# Work to complete
From first line to last, output the records below exactly.

==== Extracted entries

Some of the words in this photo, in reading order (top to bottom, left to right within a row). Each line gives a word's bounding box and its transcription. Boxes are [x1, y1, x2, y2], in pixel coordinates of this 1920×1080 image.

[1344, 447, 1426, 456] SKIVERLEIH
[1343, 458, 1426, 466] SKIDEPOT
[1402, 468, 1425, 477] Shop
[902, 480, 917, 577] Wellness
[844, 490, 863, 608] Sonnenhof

========

# Problem solution
Some of the words in this photo, in reading order (top to bottom, left to right within a row). Each line gives a word's bounding box and its transcription. Boxes are [x1, y1, x2, y2], in pixel coordinates of this 1920×1080 image.

[1344, 447, 1426, 456] SKIVERLEIH
[1343, 458, 1426, 466] SKIDEPOT
[1402, 468, 1425, 477] Shop
[902, 480, 917, 577] Wellness
[844, 490, 863, 608] Sonnenhof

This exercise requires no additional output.